2.1.1987. Я слушаю записи весенних лекций Аверинцева в ГИТИСе и еще раз убеждаюсь: дар есть дар, он непостижим и необъясним.
5.1.1987. Записываю средневековую импровизацию Аверинцева, и в чем ее прелесть: он как ребенок залезает в картинку, просачивается сам, точно как он вот есть такой робкий, любопытный, умный и пишущий, – туда, о чем говорит, в эти Средние века, к тем тогдашним людям. Царственная любознательность ребенка, и что прочное, на чем всё стоит – достойное спокойствие его теперешнего положения, смирный ребенок при уважаемых родителях. Каждая фраза с его странной мелодией интересна, хоть слушая в четвертый раз, и дело не в содержании (разве что мелкие немцы и то, что ему меньше знакомо, чуть меньше интересно), а в том, есть у него вдохновение или нет. Вдохновение у него почти всегда есть. Вдохновение какое? Бодрая воля осторожно обходить края своих владений, внимательно и уважительно притрагиваться к вещам, с которыми соприкоснулась его жизнь. Она с такими многими соприкоснулась, и так многие ее без усилия впустили в себя, пригласили. Он такой тихий, живой и любезный, что его любят приглашать не только люди, но и вещи.
15.1.1987. Золотая молодежь, задумался Аверинцев и заговорил с кошкой: “А вот мы с тобой разночинцы…” И он вдруг оживился: “Я существую за счет их деток исключительно. Как у Анны Андреевны: “…Ваши дети за меня вас будут проклинать”. Я сказал, что всегда говорил, что на их деток главная надежда”. – И главная угроза от них…
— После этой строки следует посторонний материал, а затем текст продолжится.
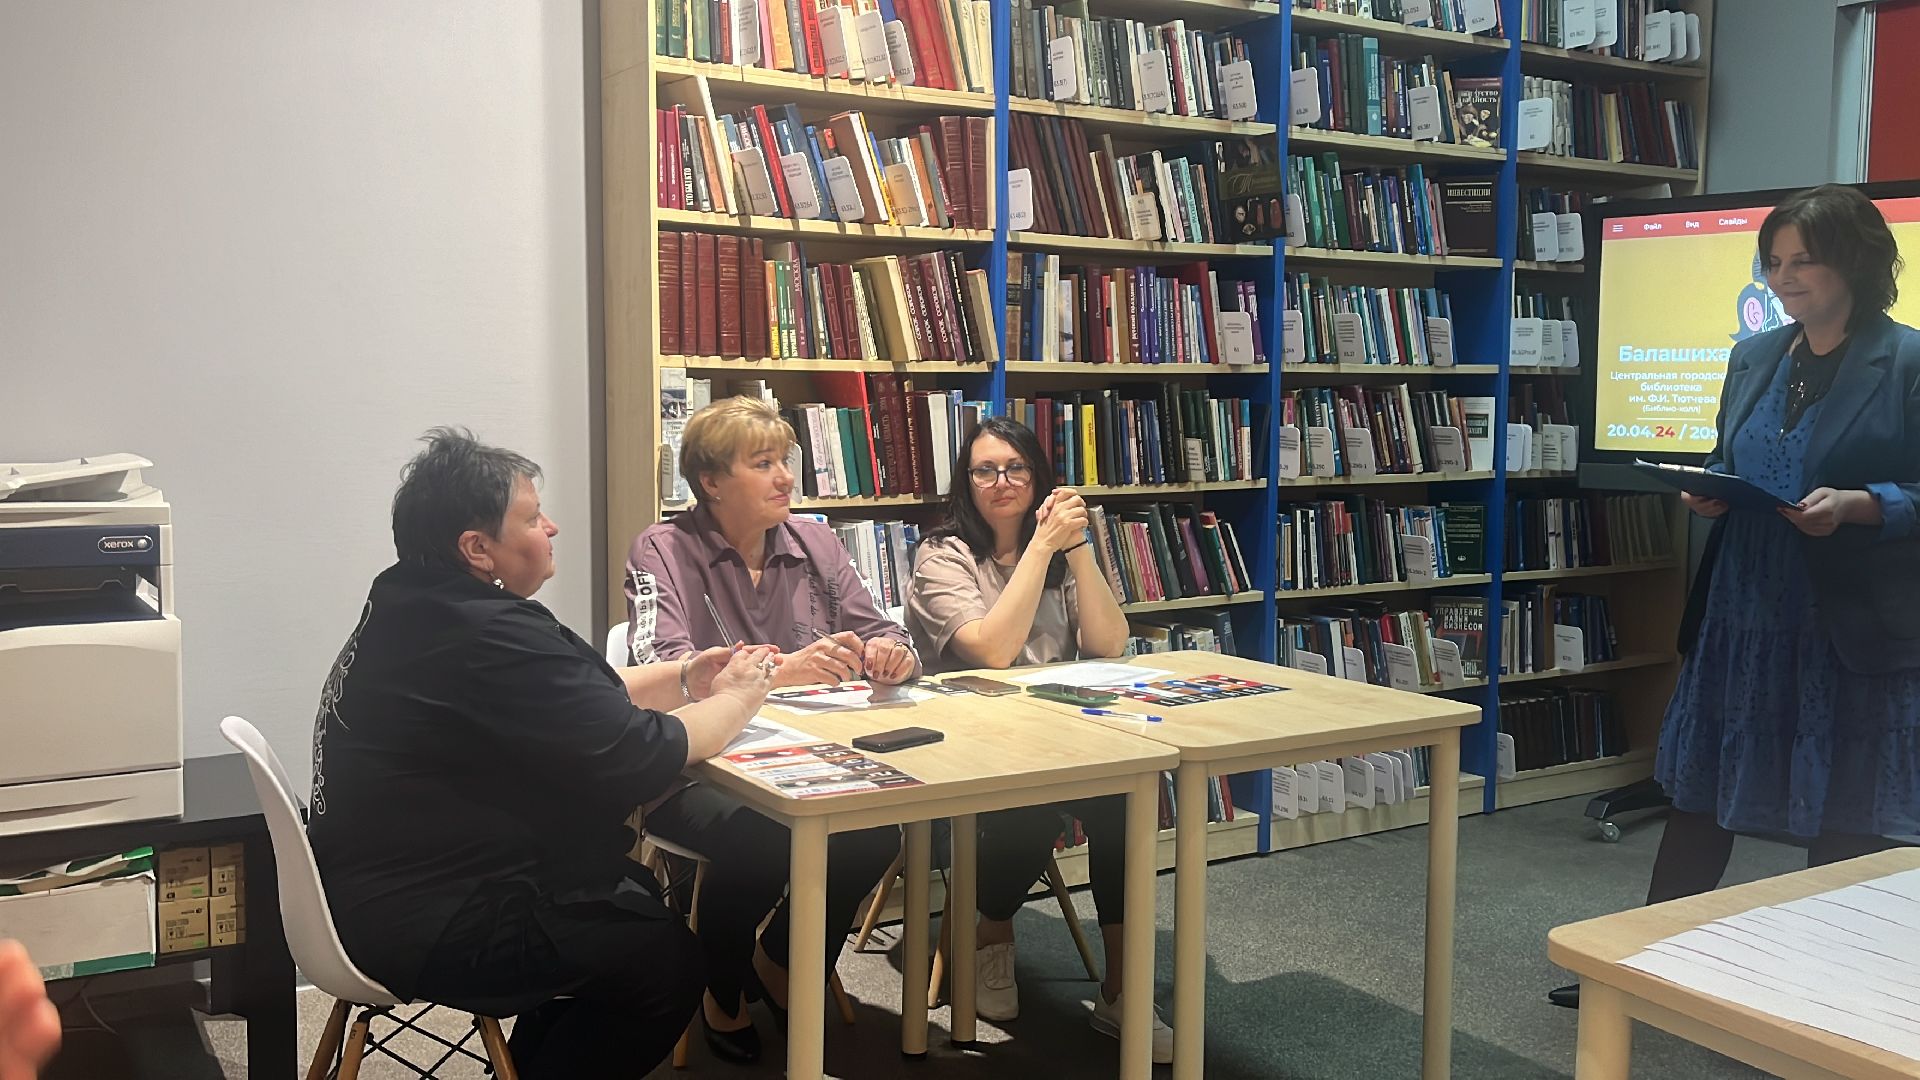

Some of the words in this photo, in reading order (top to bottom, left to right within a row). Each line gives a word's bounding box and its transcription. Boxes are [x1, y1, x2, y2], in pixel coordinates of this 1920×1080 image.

24.1.1987. Аверинцев в Политехническом музее, какое скопление народа, как его все любят. Лекция мне не показалась; главное в ней было о прекрасной, напряженной бодрости средневекового интеллектуала, о Катерине Сьенской, повелевавшей и добившейся, – где теперь, после всех волн эмансипации, такие женщины? Так же интенсивно и радостно живет сам Аверинцев, и так же отрешенно, “пускай будет так”. Средневековье у него – “корпоративный авторитарный плюрализм”.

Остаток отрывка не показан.